▼
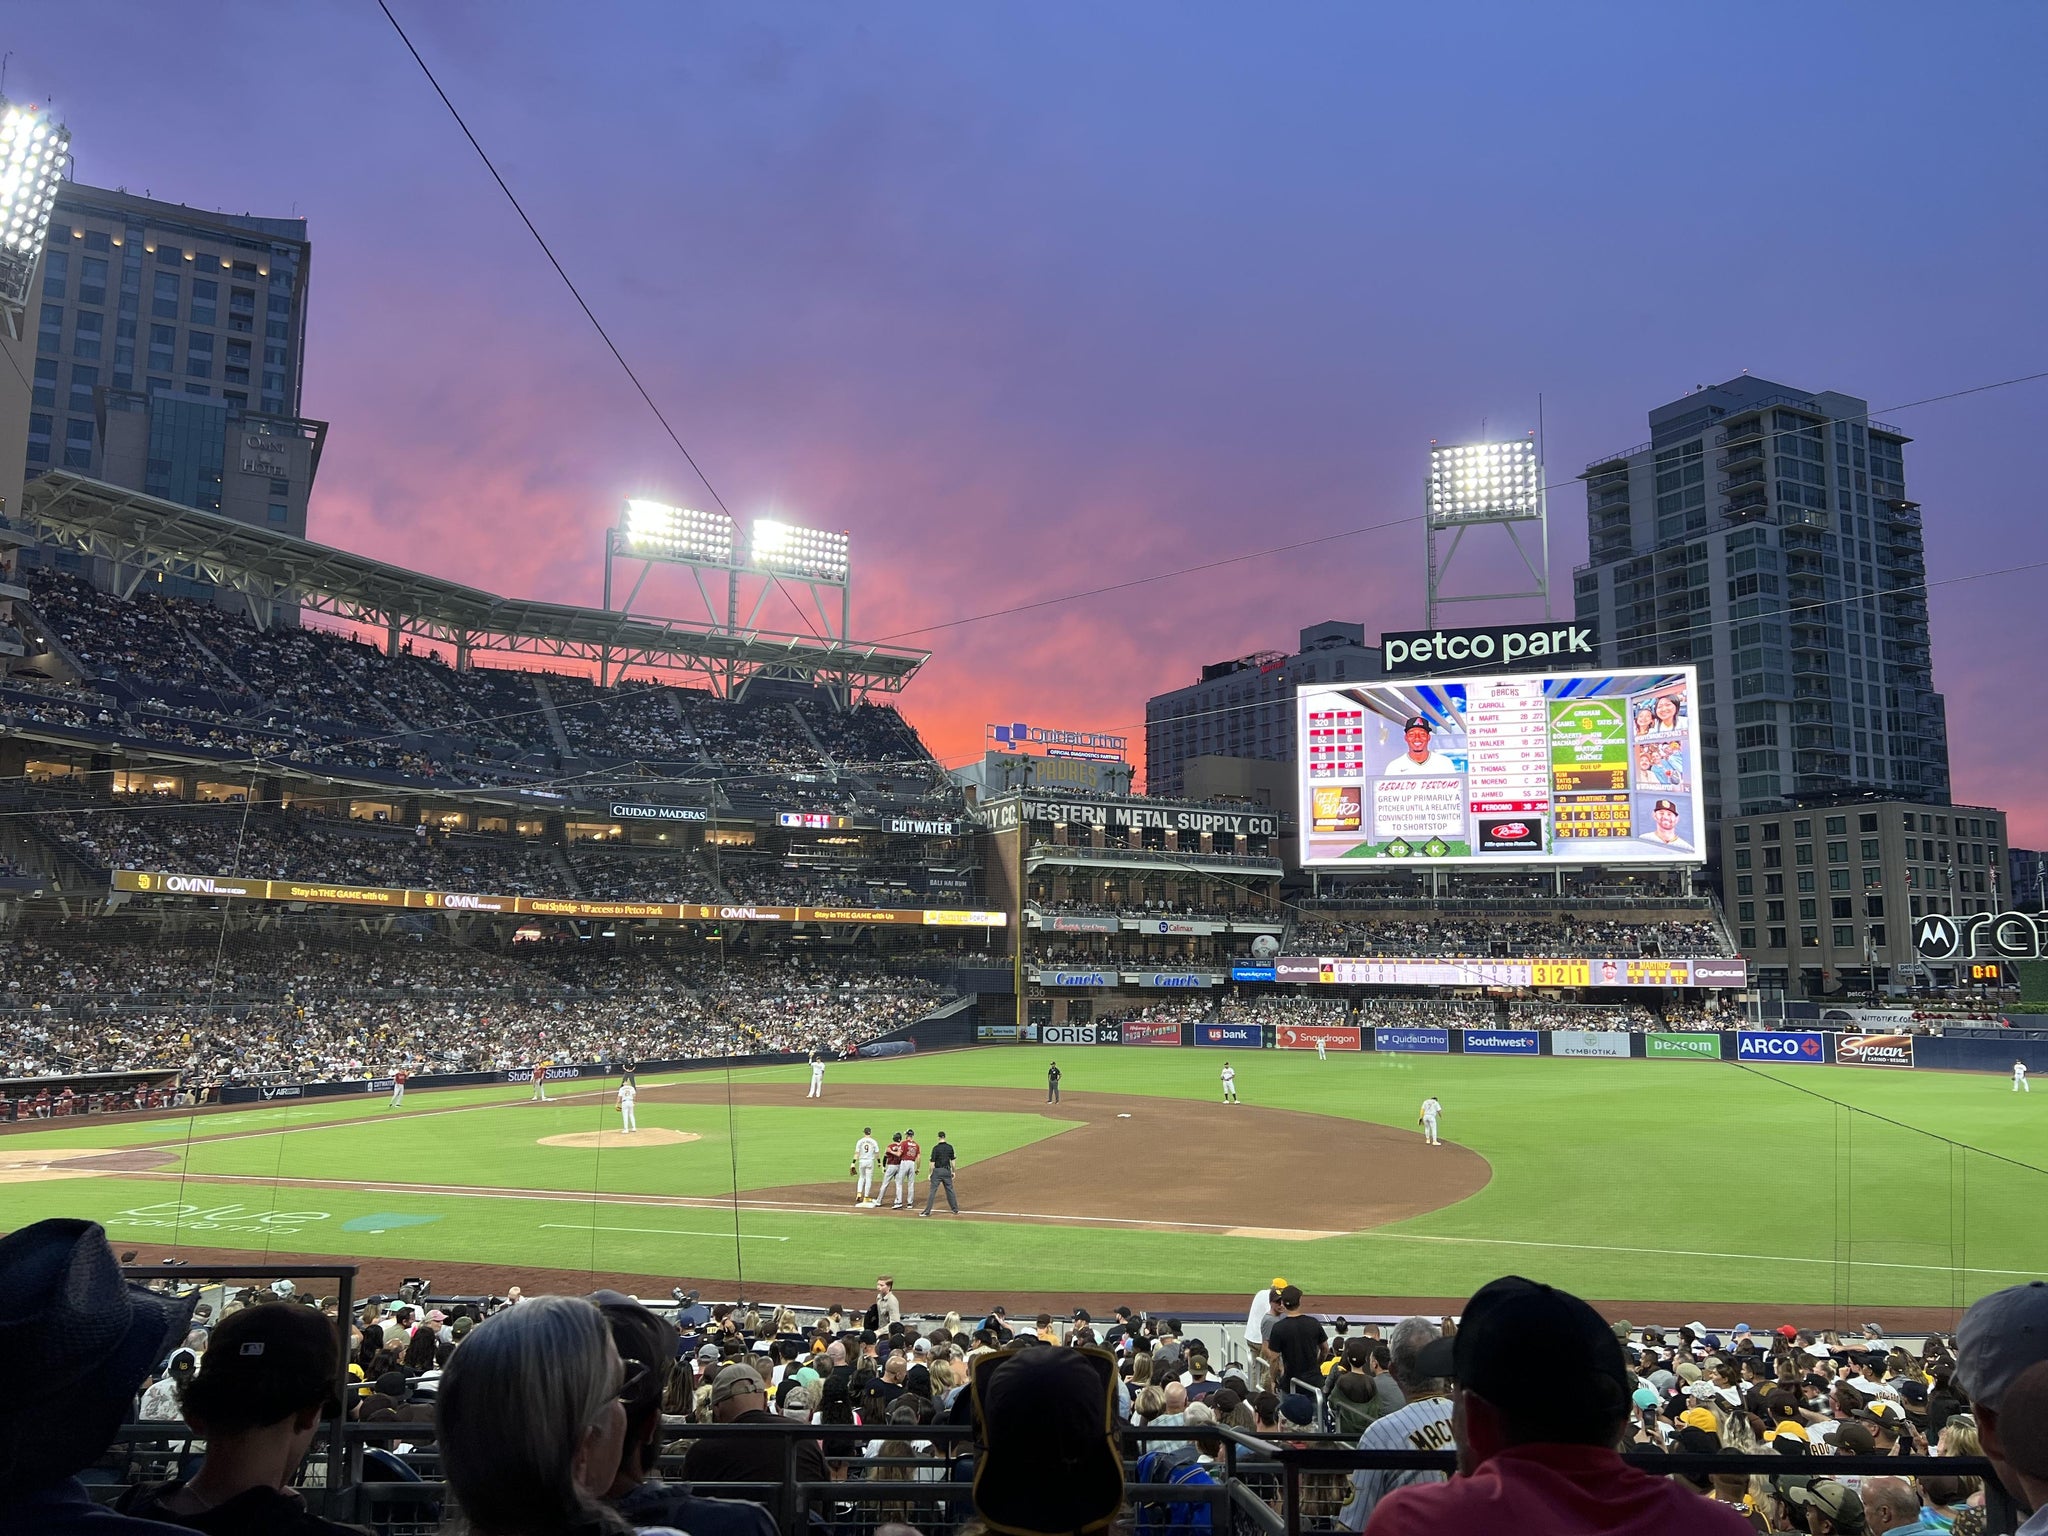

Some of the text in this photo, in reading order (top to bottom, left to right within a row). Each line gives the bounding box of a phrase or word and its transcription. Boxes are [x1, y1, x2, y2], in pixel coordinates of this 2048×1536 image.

[1386, 627, 1592, 670] petco park
[1071, 751, 1100, 759] DIAGNOSTICS
[1036, 761, 1097, 787] PADRES
[1378, 781, 1459, 791] GERALDO PERDOMO
[613, 806, 705, 819] CIUDAD MADERAS
[1322, 803, 1359, 815] BOARD
[1021, 803, 1277, 835] WESTERN METAL SUPPLY CO.
[892, 820, 952, 834] CUTWATER
[1560, 829, 1570, 837] 35
[1598, 828, 1608, 836] 29
[1617, 828, 1627, 836] 79
[1432, 845, 1439, 853] K
[167, 876, 214, 893] OMNI
[292, 887, 388, 901] Stay in THE GAME with Us
[445, 895, 477, 908] OMNI
[550, 902, 577, 913] Skybridge
[581, 904, 590, 913] VIP
[590, 906, 613, 914] access
[615, 906, 623, 914] to
[625, 905, 645, 914] Petco
[647, 905, 663, 915] Park
[721, 907, 756, 919] OMNI
[814, 911, 829, 919] Stay
[872, 912, 883, 920] with
[1169, 923, 1193, 932] Calimax
[1966, 911, 2048, 960] ra
[1639, 962, 1671, 970] MARTINEZ
[1055, 973, 1104, 985] Canel's
[1154, 974, 1199, 986] Canel's
[1538, 968, 1582, 984] 3 2 1
[1633, 976, 1638, 984] 3
[1029, 985, 1045, 998] 336
[1045, 1028, 1094, 1042] ORIS
[1100, 1030, 1118, 1041] 342
[1222, 1029, 1247, 1039] bank
[1392, 1035, 1445, 1045] QuidelOrtho
[1468, 1036, 1526, 1047] Southwest
[1740, 1038, 1798, 1054] ARCO
[1565, 1048, 1616, 1056] CYMBIOTIKA
[1840, 1037, 1905, 1062] Sycuan
[508, 1069, 579, 1082] StubH StubHub
[864, 1144, 869, 1153] 9
[115, 1201, 331, 1224] blue
[106, 1218, 301, 1234] california
[1408, 1419, 1454, 1450] MAC
▲
_WHAT THE EXERCISE ASKS_
The data above should be returned in full, exactly as written, apart from its images.

_OUTPUT OF THE TASK_
Some of the text in this photo, in reading order (top to bottom, left to right within a row). Each line gives the bounding box of a phrase or word and its transcription. Boxes are [x1, y1, x2, y2], in pixel coordinates of this 2048×1536 image.

[1386, 627, 1592, 670] petco park
[1071, 751, 1100, 759] DIAGNOSTICS
[1036, 761, 1097, 787] PADRES
[1378, 781, 1459, 791] GERALDO PERDOMO
[613, 806, 705, 819] CIUDAD MADERAS
[1322, 803, 1359, 815] BOARD
[1021, 803, 1277, 835] WESTERN METAL SUPPLY CO.
[892, 820, 952, 834] CUTWATER
[1560, 829, 1570, 837] 35
[1598, 828, 1608, 836] 29
[1617, 828, 1627, 836] 79
[1432, 845, 1439, 853] K
[167, 876, 214, 893] OMNI
[292, 887, 388, 901] Stay in THE GAME with Us
[445, 895, 477, 908] OMNI
[550, 902, 577, 913] Skybridge
[581, 904, 590, 913] VIP
[590, 906, 613, 914] access
[615, 906, 623, 914] to
[625, 905, 645, 914] Petco
[647, 905, 663, 915] Park
[721, 907, 756, 919] OMNI
[814, 911, 829, 919] Stay
[872, 912, 883, 920] with
[1169, 923, 1193, 932] Calimax
[1966, 911, 2048, 960] ra
[1639, 962, 1671, 970] MARTINEZ
[1055, 973, 1104, 985] Canel's
[1154, 974, 1199, 986] Canel's
[1538, 968, 1582, 984] 3 2 1
[1633, 976, 1638, 984] 3
[1029, 985, 1045, 998] 336
[1045, 1028, 1094, 1042] ORIS
[1100, 1030, 1118, 1041] 342
[1222, 1029, 1247, 1039] bank
[1392, 1035, 1445, 1045] QuidelOrtho
[1468, 1036, 1526, 1047] Southwest
[1740, 1038, 1798, 1054] ARCO
[1565, 1048, 1616, 1056] CYMBIOTIKA
[1840, 1037, 1905, 1062] Sycuan
[508, 1069, 579, 1082] StubH StubHub
[864, 1144, 869, 1153] 9
[115, 1201, 331, 1224] blue
[106, 1218, 301, 1234] california
[1408, 1419, 1454, 1450] MAC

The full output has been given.